-------- Raw data

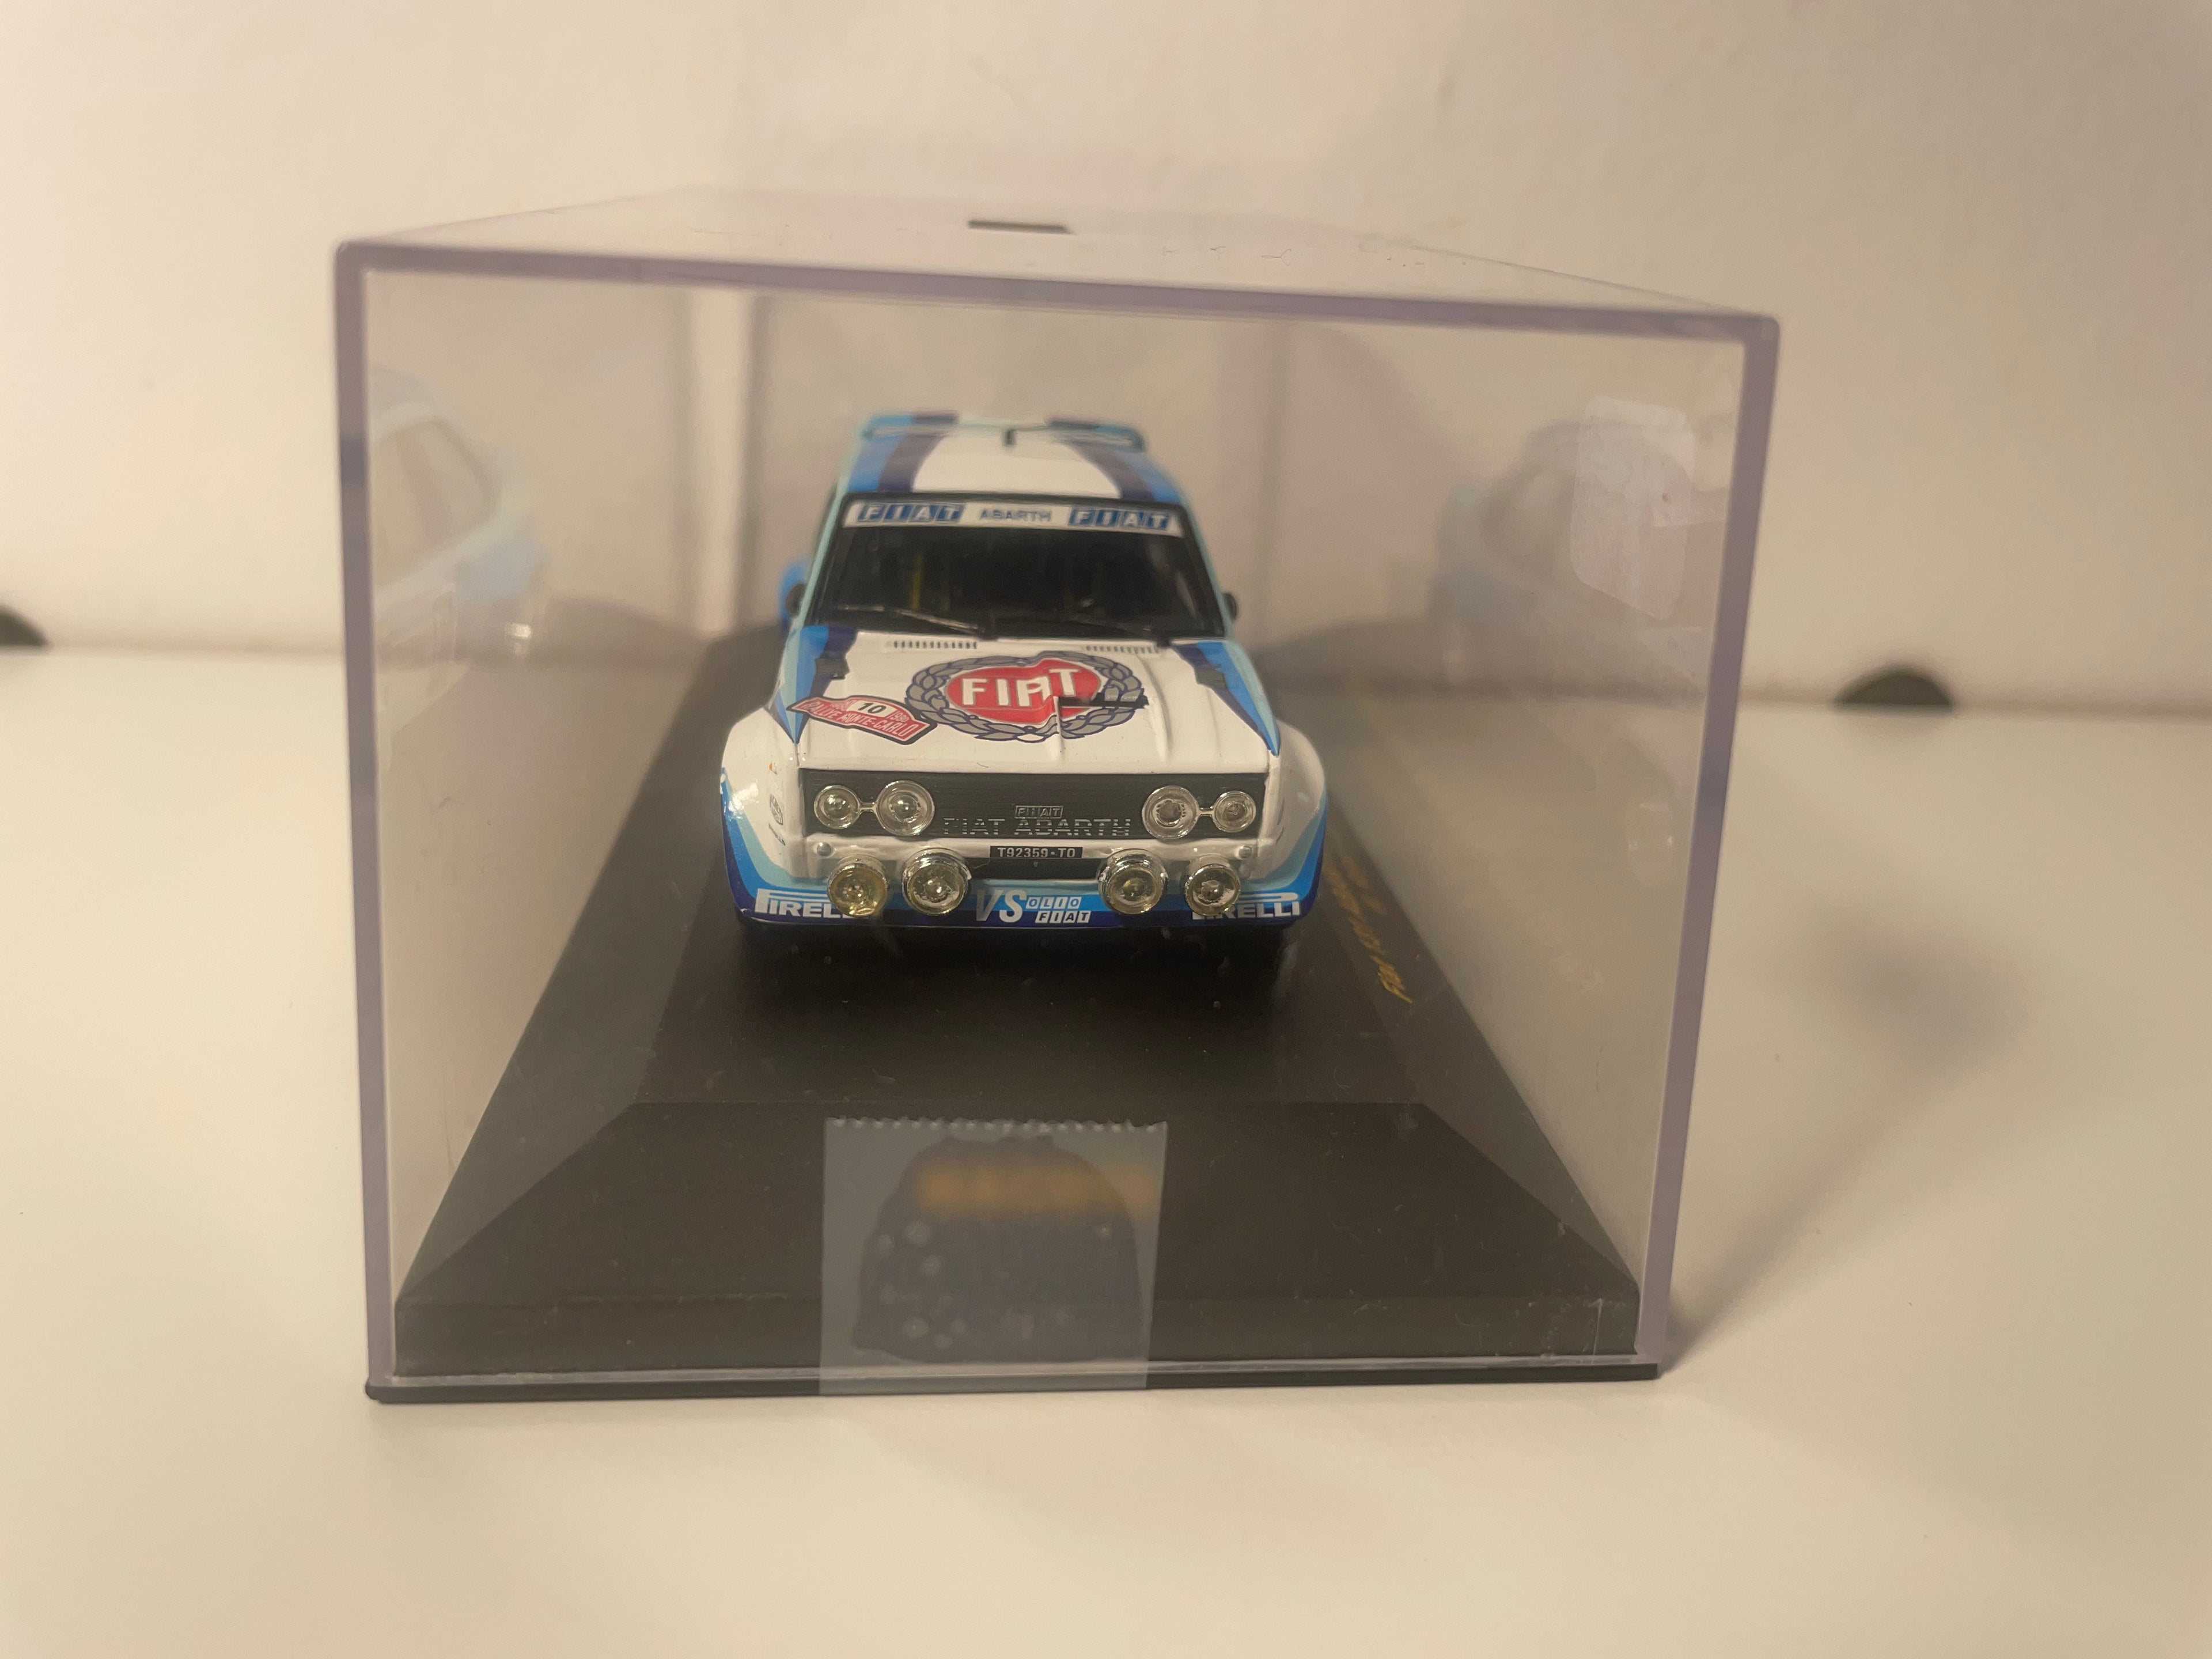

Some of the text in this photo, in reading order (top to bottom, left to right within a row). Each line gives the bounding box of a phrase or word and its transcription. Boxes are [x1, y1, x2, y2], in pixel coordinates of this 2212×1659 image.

[858, 502, 1171, 530] FIAT ABARTH FIAT
[961, 668, 1080, 707] FIAT
[858, 702, 887, 714] 10
[1018, 808, 1061, 817] FIAT
[944, 817, 1131, 836] FIAT ABARTH
[755, 888, 855, 919] PIREL
[976, 889, 1027, 923] VS
[1028, 897, 1079, 908] OLIO
[1037, 911, 1090, 923] FIAT

----------------

What the exercise asks: Nothing but the text is wanted: repeat the data above exactly, without its images.

Written answer:
Some of the text in this photo, in reading order (top to bottom, left to right within a row). Each line gives the bounding box of a phrase or word and its transcription. Boxes are [x1, y1, x2, y2], in pixel coordinates of this 2212×1659 image.

[858, 502, 1171, 530] FIAT ABARTH FIAT
[961, 668, 1080, 707] FIAT
[858, 702, 887, 714] 10
[1018, 808, 1061, 817] FIAT
[944, 817, 1131, 836] FIAT ABARTH
[755, 888, 855, 919] PIREL
[976, 889, 1027, 923] VS
[1028, 897, 1079, 908] OLIO
[1037, 911, 1090, 923] FIAT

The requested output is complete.